[What is needed] Please give the records below again in full, exactly, with the images left out.

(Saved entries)
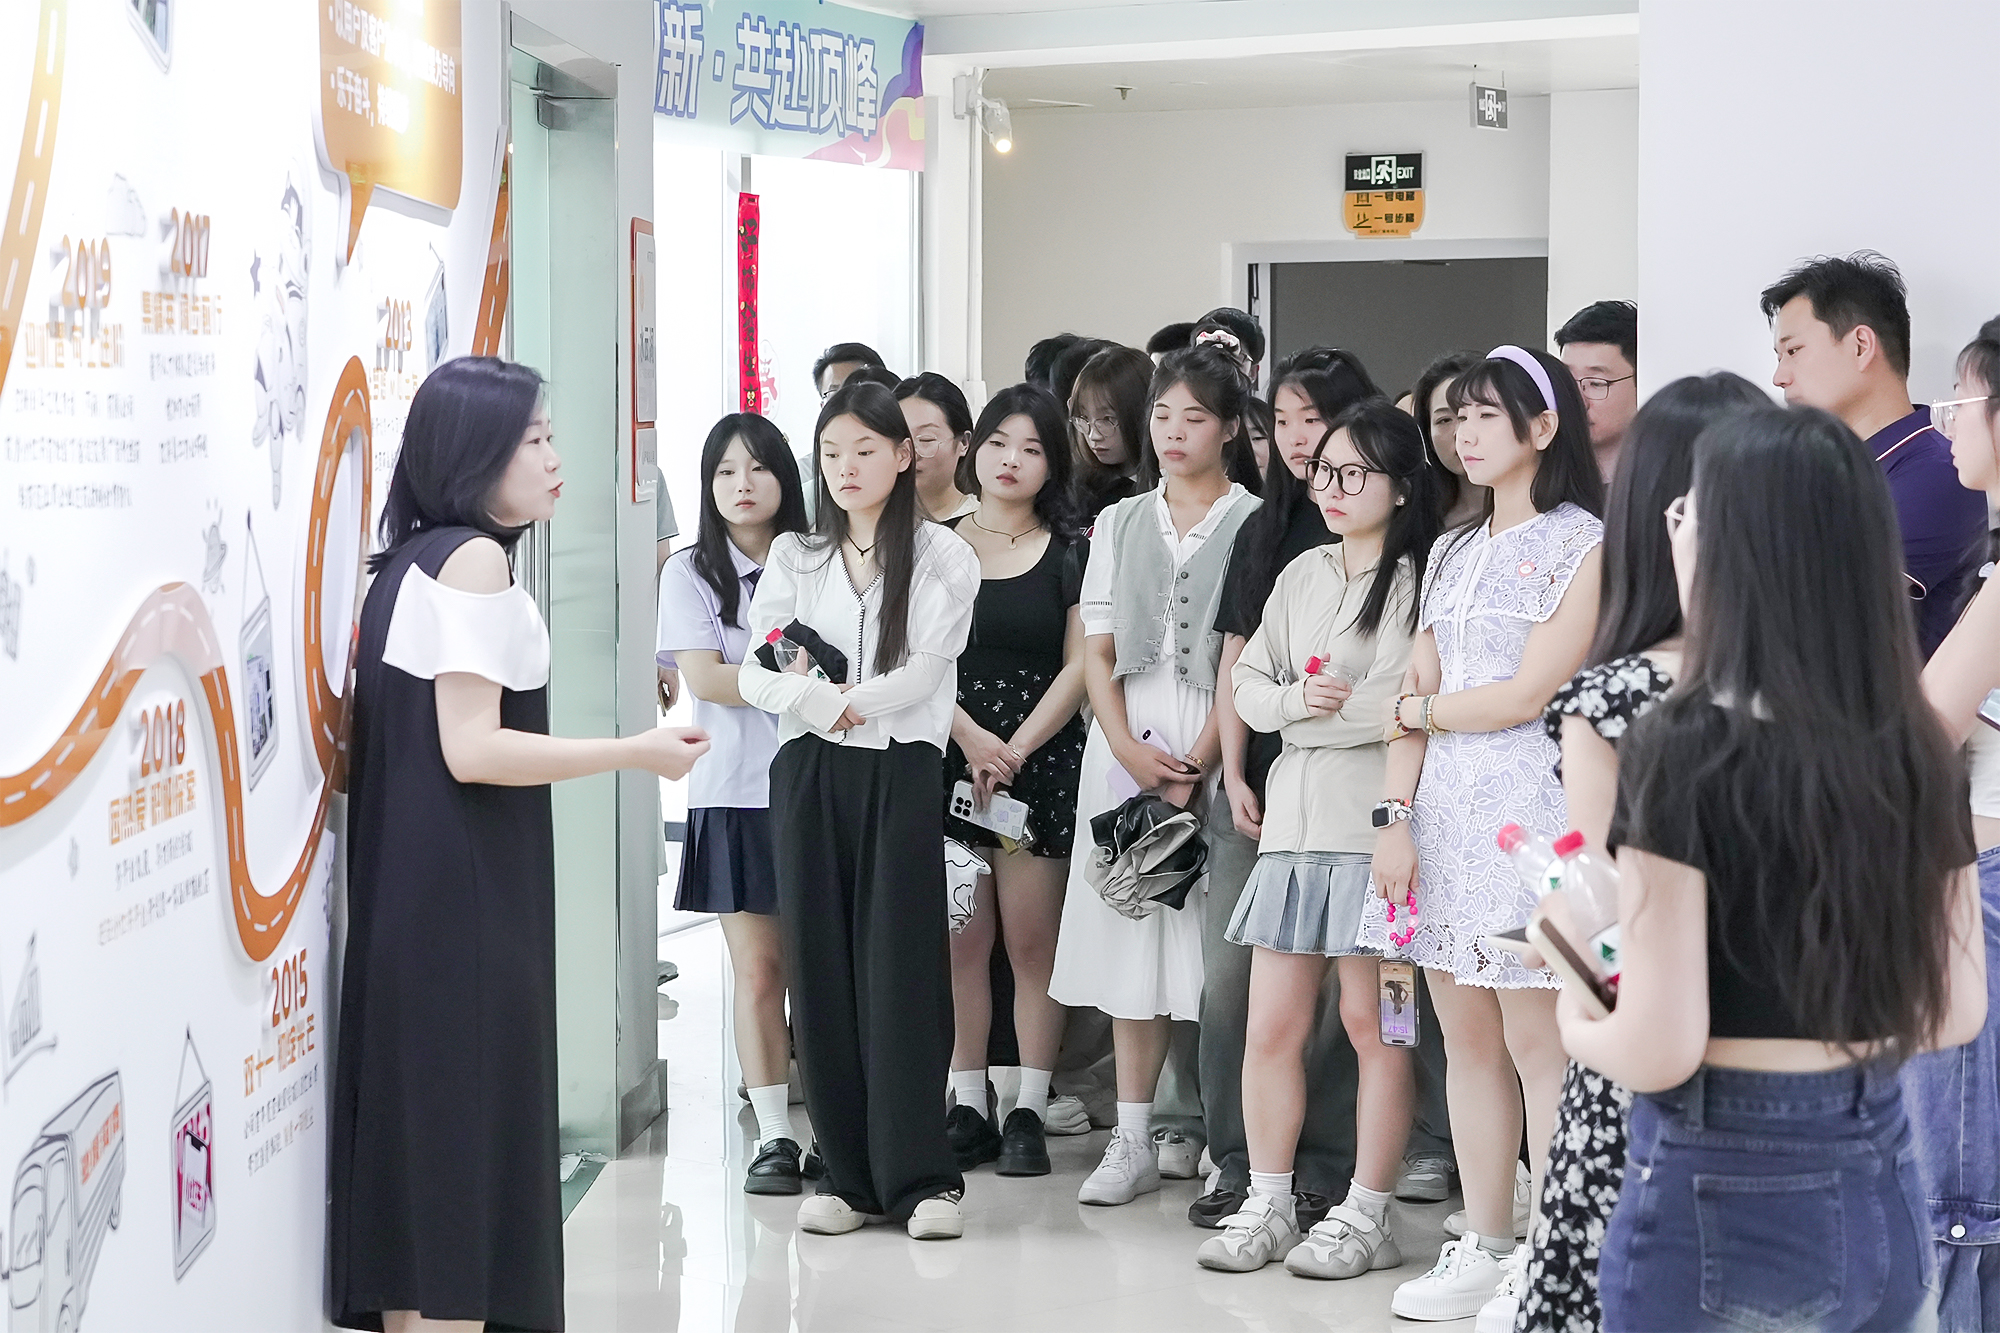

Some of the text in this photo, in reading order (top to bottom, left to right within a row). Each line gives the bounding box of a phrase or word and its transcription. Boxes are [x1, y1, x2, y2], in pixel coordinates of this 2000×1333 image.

[652, 0, 878, 141] 新·共赴顶峰
[1396, 166, 1415, 179] EXIT
[62, 234, 111, 311] 2019
[170, 206, 210, 278] 2017
[385, 296, 412, 351] 2013
[140, 698, 187, 778] 2018
[271, 948, 308, 1027] 2015
[1388, 1025, 1408, 1034] 15:47
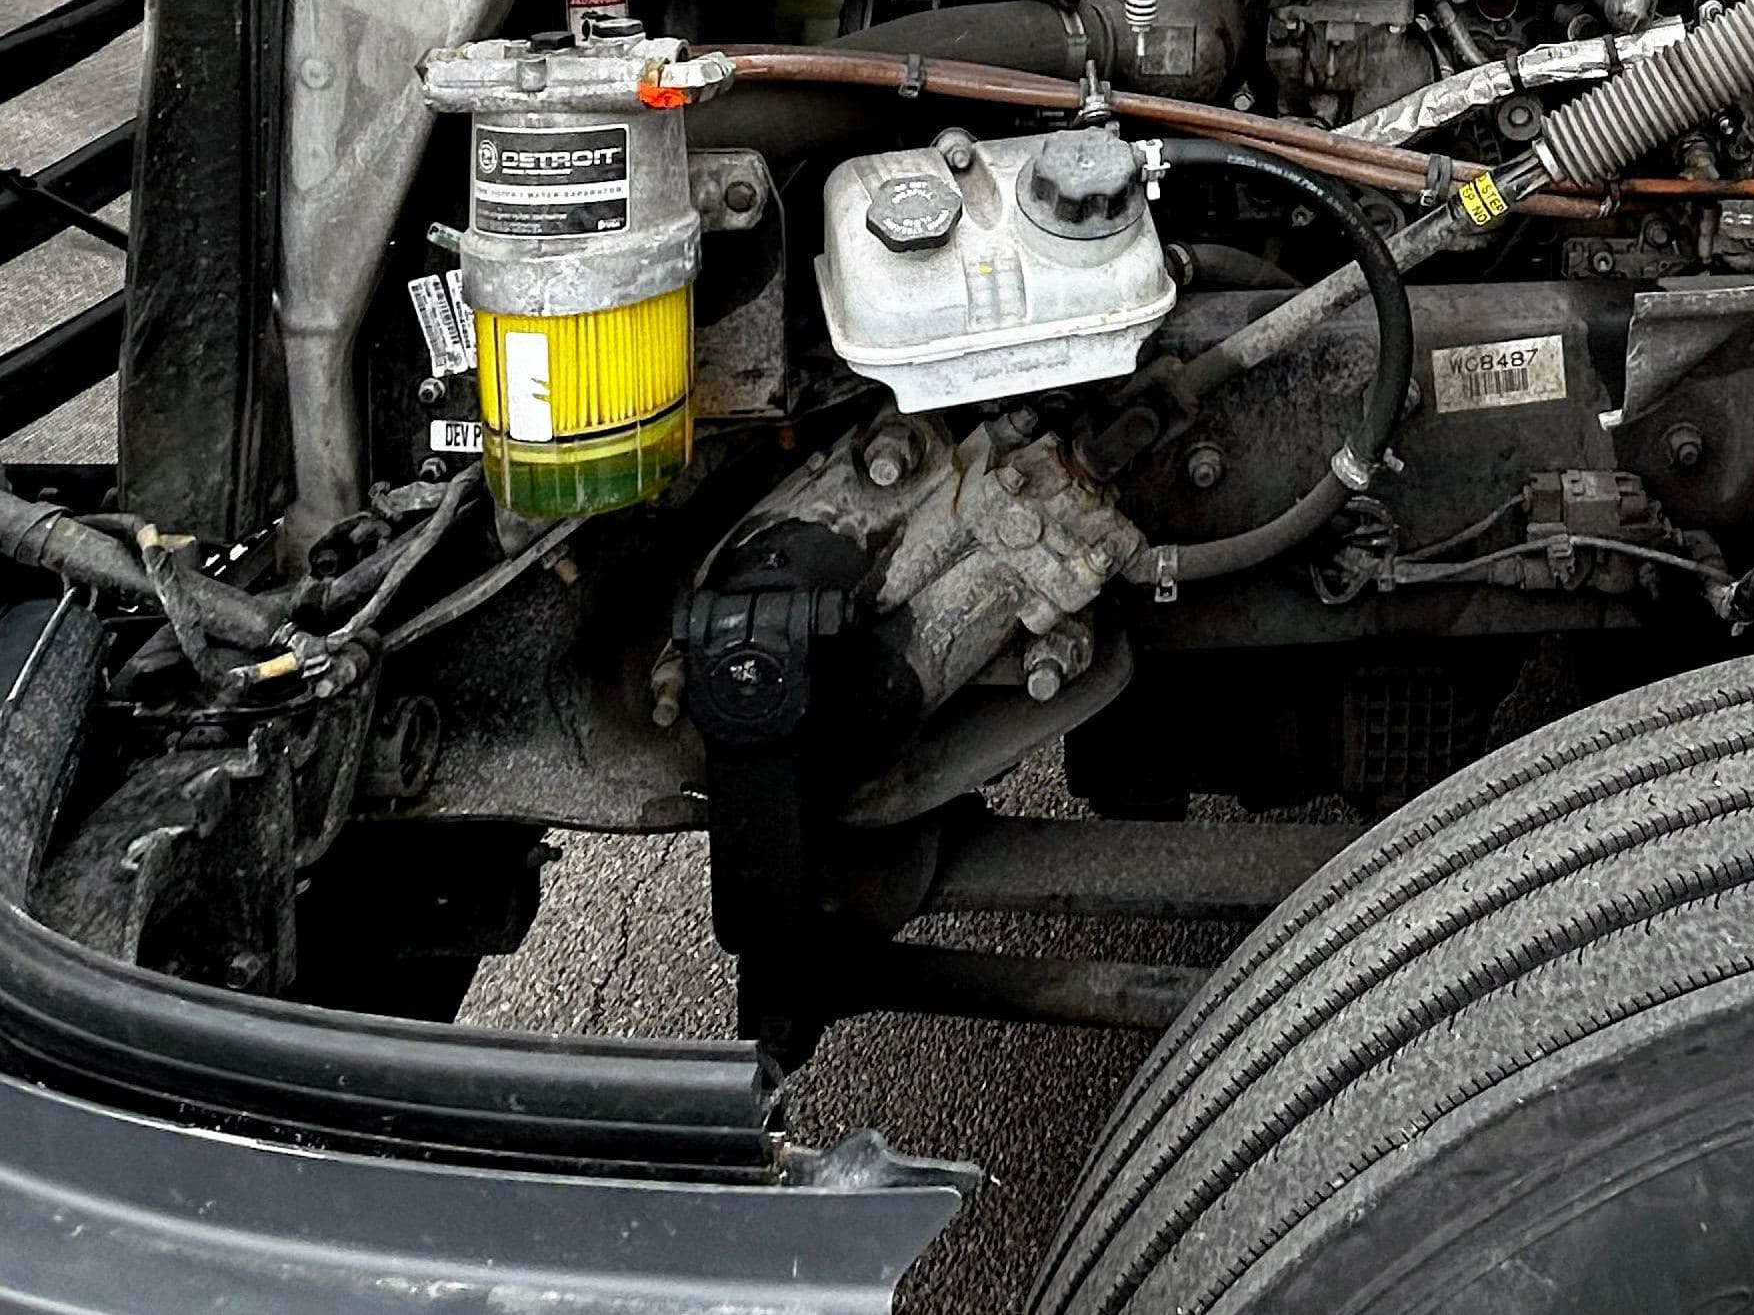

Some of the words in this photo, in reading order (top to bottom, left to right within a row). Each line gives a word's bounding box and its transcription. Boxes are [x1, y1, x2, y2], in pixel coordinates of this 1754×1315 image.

[501, 146, 621, 169] DETROIT
[1472, 206, 1488, 223] NO
[445, 423, 469, 447] DEV

[Output]
Some of the text in this photo, in reading order (top to bottom, left to right within a row). Each line gives the bounding box of a phrase or word and its transcription. Boxes are [x1, y1, x2, y2], in pixel coordinates of this 2000×1333 image.

[652, 0, 878, 141] 新·共赴顶峰
[1396, 166, 1415, 179] EXIT
[62, 234, 111, 311] 2019
[170, 206, 210, 278] 2017
[385, 296, 412, 351] 2013
[140, 698, 187, 778] 2018
[271, 948, 308, 1027] 2015
[1388, 1025, 1408, 1034] 15:47

Some of the words in this photo, in reading order (top to bottom, left to right within a row). Each line gives a word's bounding box and its transcription. Boxes are [x1, y1, x2, y2], in pixel coordinates of this 1754×1315 image.

[501, 146, 621, 169] DETROIT
[1472, 206, 1488, 223] NO
[445, 423, 469, 447] DEV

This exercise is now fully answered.